§ PROBLEM REQUIREMENTS
Starting at the top line, print the entries below exactly as they are and skip every picture.

◇ ◇ ◇ ◇ ◇ ◇ ◇

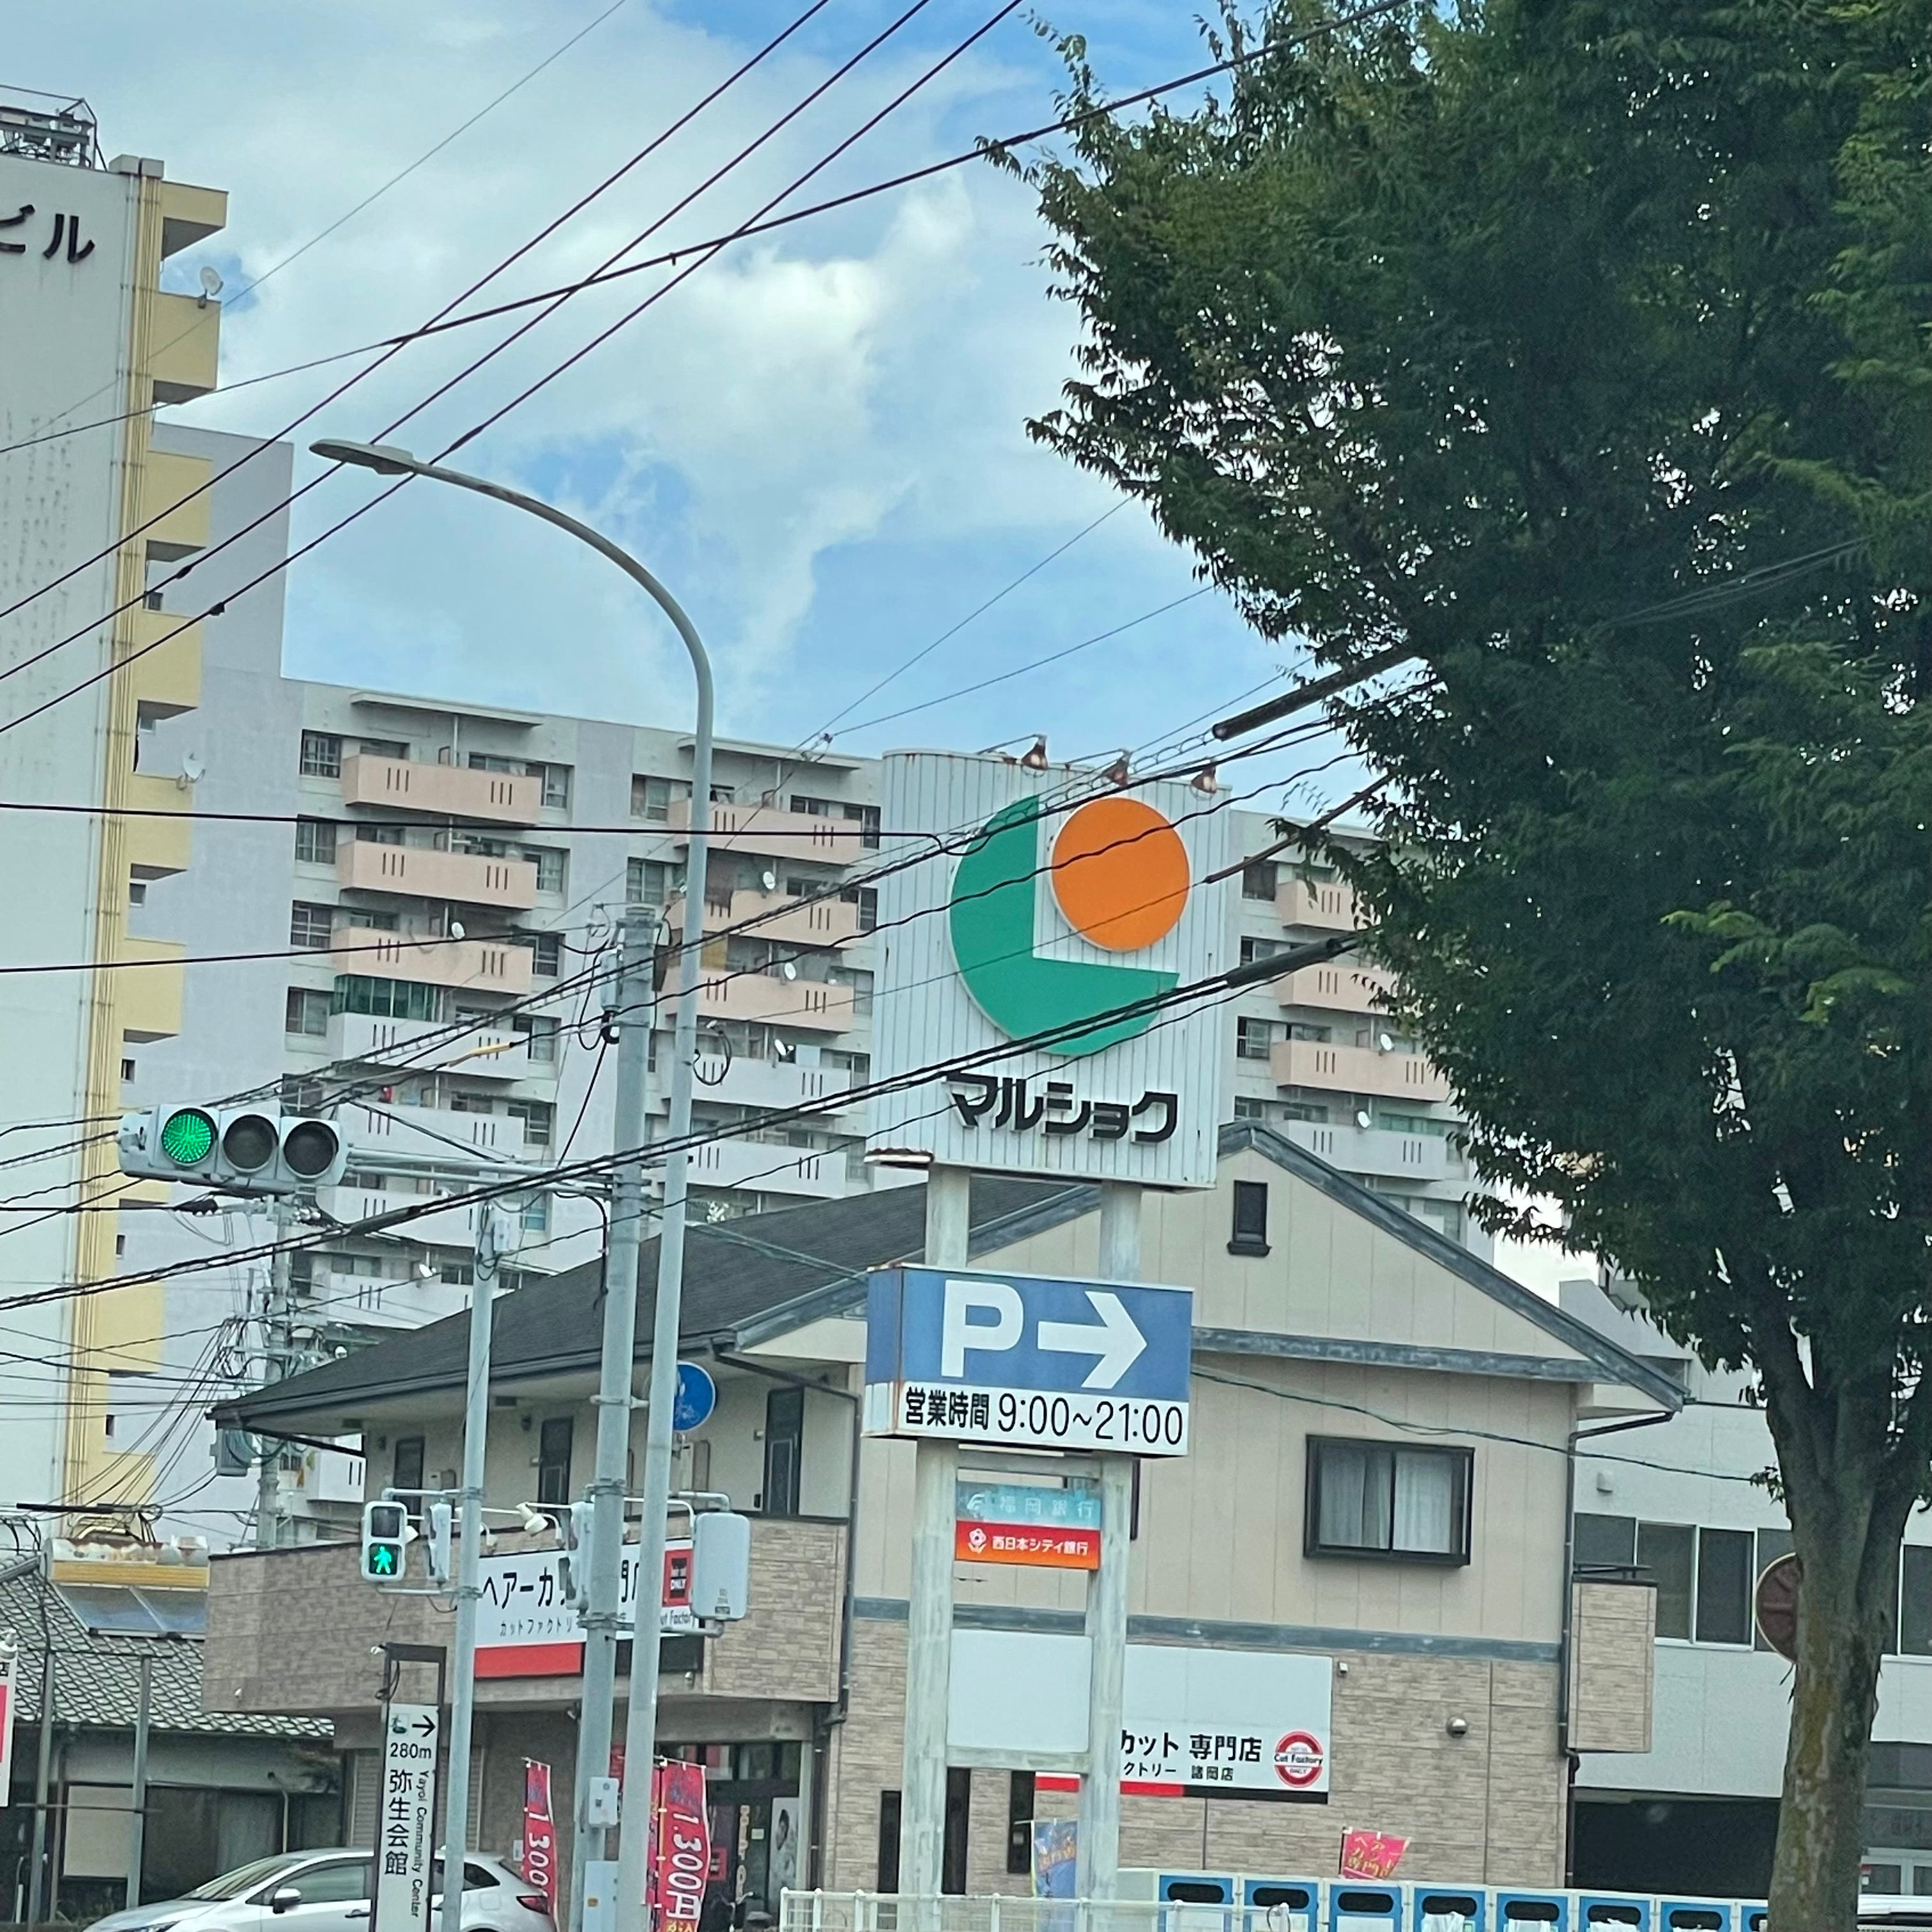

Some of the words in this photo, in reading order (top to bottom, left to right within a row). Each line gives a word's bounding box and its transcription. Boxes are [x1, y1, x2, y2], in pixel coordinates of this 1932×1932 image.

[946, 1072, 1178, 1144] マルショク
[941, 1279, 1023, 1378] P
[905, 1386, 990, 1430] 営業時間
[992, 1535, 1089, 1556] 西日本シティ銀行
[483, 1567, 565, 1609] ヘアーカ
[390, 1742, 432, 1759] 280m
[1189, 1734, 1262, 1762] 専門店
[1124, 1762, 1177, 1777] クトリー
[385, 1769, 413, 1876] 弥生会館
[411, 1806, 427, 1873] Community
[411, 1878, 423, 1918] Center

◇ ◇ ◇ ◇ ◇ ◇ ◇

§ EXERCISE RESULT
Some of the words in this photo, in reading order (top to bottom, left to right within a row). Each line gives a word's bounding box and its transcription. Boxes are [x1, y1, x2, y2], in pixel coordinates of this 1932×1932 image.

[946, 1072, 1178, 1144] マルショク
[941, 1279, 1023, 1378] P
[905, 1386, 990, 1430] 営業時間
[992, 1535, 1089, 1556] 西日本シティ銀行
[483, 1567, 565, 1609] ヘアーカ
[390, 1742, 432, 1759] 280m
[1189, 1734, 1262, 1762] 専門店
[1124, 1762, 1177, 1777] クトリー
[385, 1769, 413, 1876] 弥生会館
[411, 1806, 427, 1873] Community
[411, 1878, 423, 1918] Center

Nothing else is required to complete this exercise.